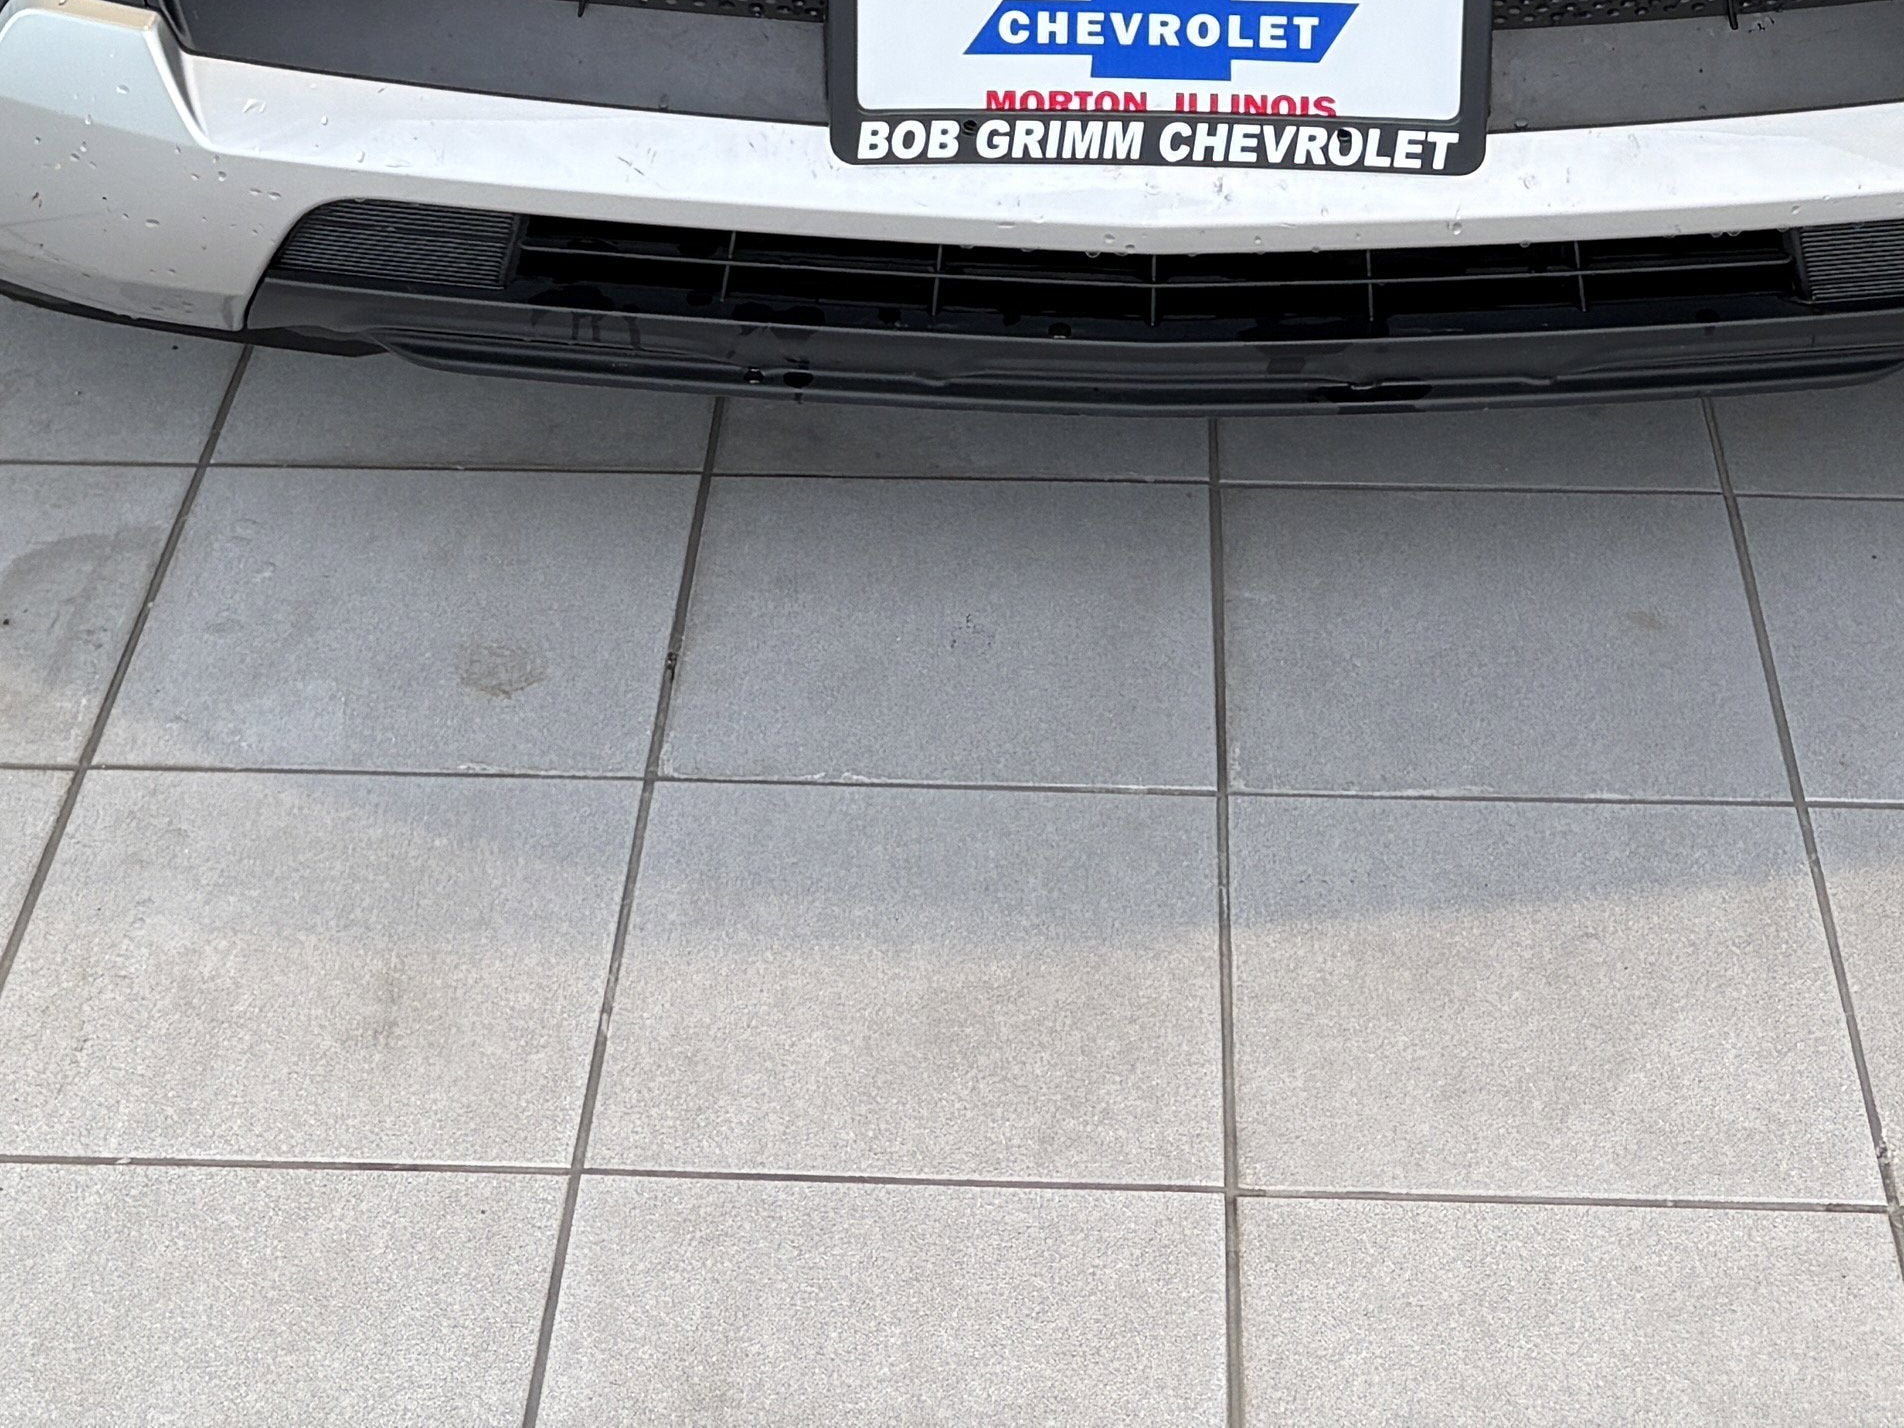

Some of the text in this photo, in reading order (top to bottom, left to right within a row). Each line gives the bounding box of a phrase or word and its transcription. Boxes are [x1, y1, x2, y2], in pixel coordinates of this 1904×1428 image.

[998, 10, 1320, 50] CHEVROLET
[986, 90, 1147, 112] MORTON
[857, 119, 1460, 170] BOB GRIMM CHEVROLET
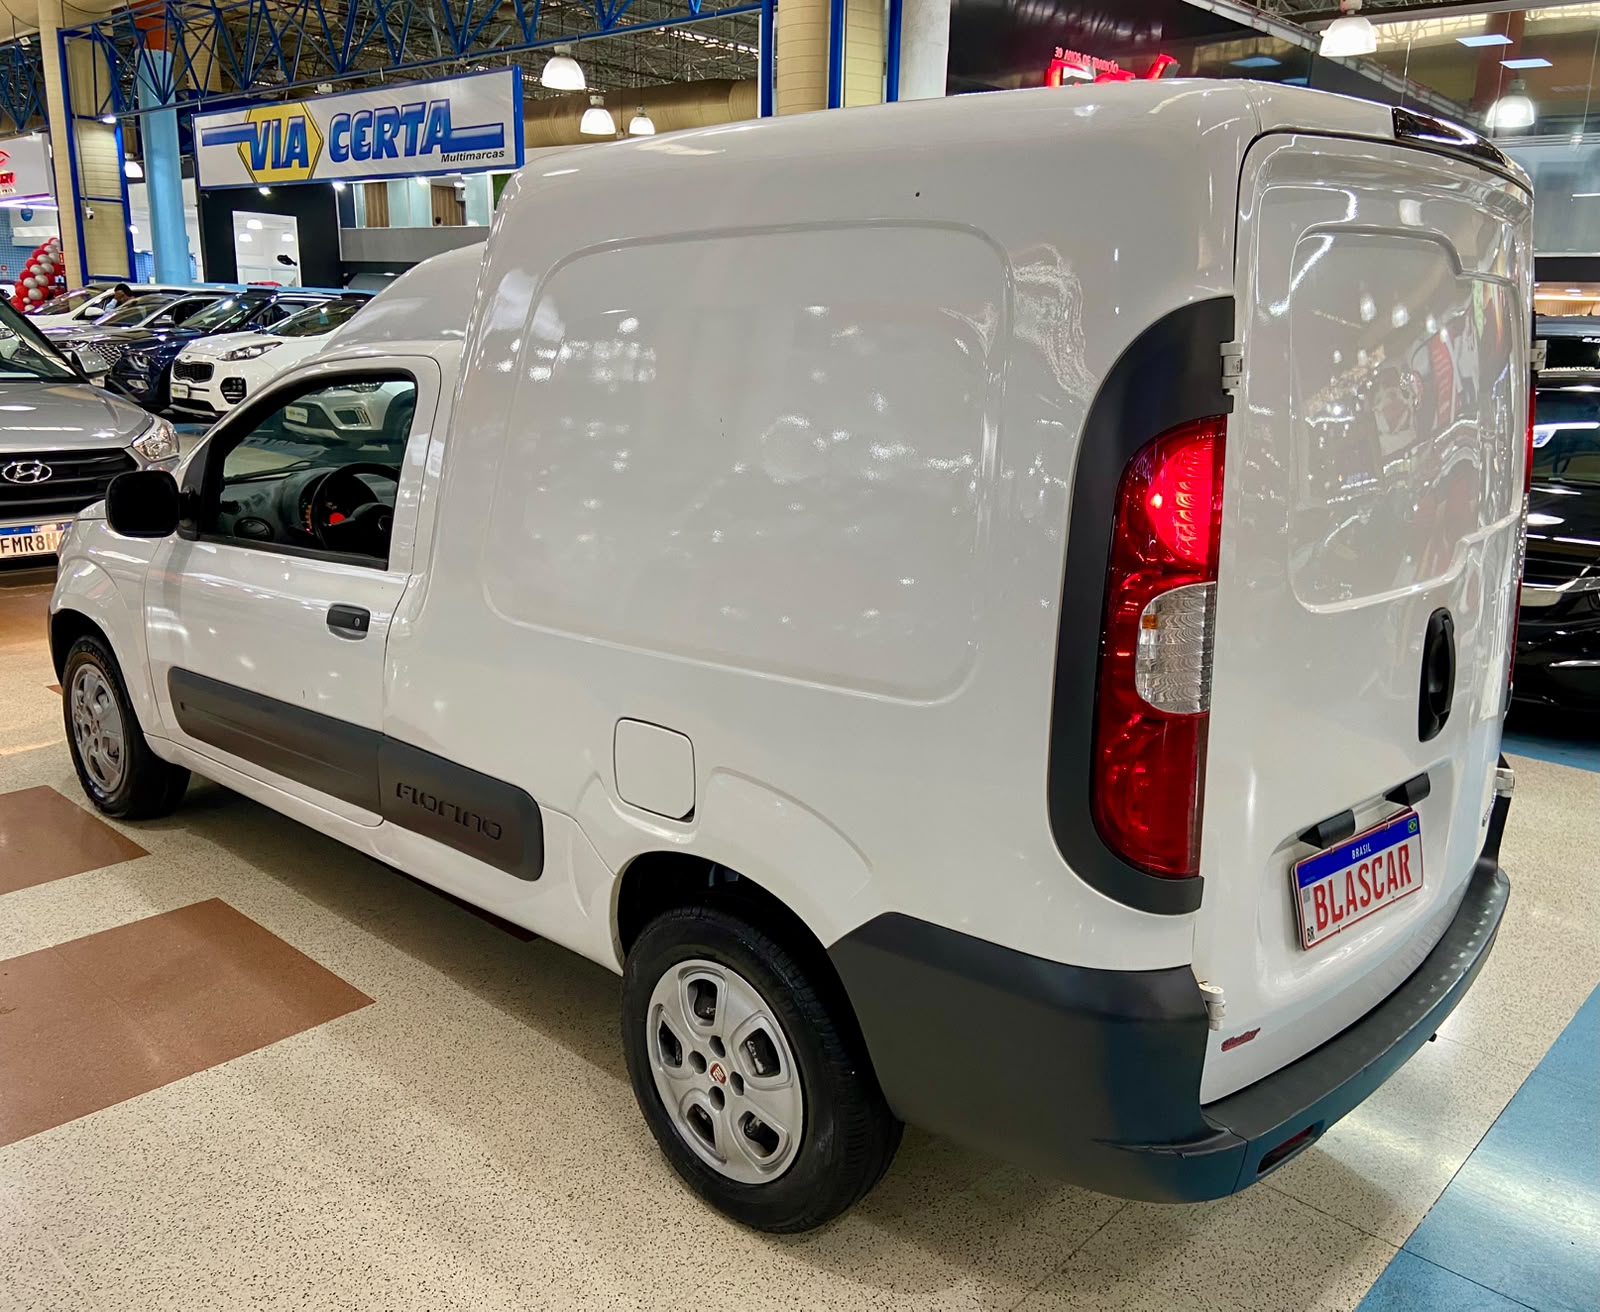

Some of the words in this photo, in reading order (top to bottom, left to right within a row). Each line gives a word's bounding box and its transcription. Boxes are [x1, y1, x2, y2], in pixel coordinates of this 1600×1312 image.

━━━━

*Activity*. Every line of the listing above is to be repeated exactly, with its pictures left out.

*Solution*.
Some of the text in this photo, in reading order (top to bottom, left to right within a row). Each line gives the bounding box of a phrase or word and its transcription. Boxes are [x1, y1, x2, y2], in pixel coordinates of this 1904×1428 image.

[998, 10, 1320, 50] CHEVROLET
[986, 90, 1147, 112] MORTON
[857, 119, 1460, 170] BOB GRIMM CHEVROLET

Some of the words in this photo, in reading order (top to bottom, left to right within a row). Each line gives a word's bounding box and its transcription. Boxes are [x1, y1, x2, y2], in pixel coordinates of this 1600×1312 image.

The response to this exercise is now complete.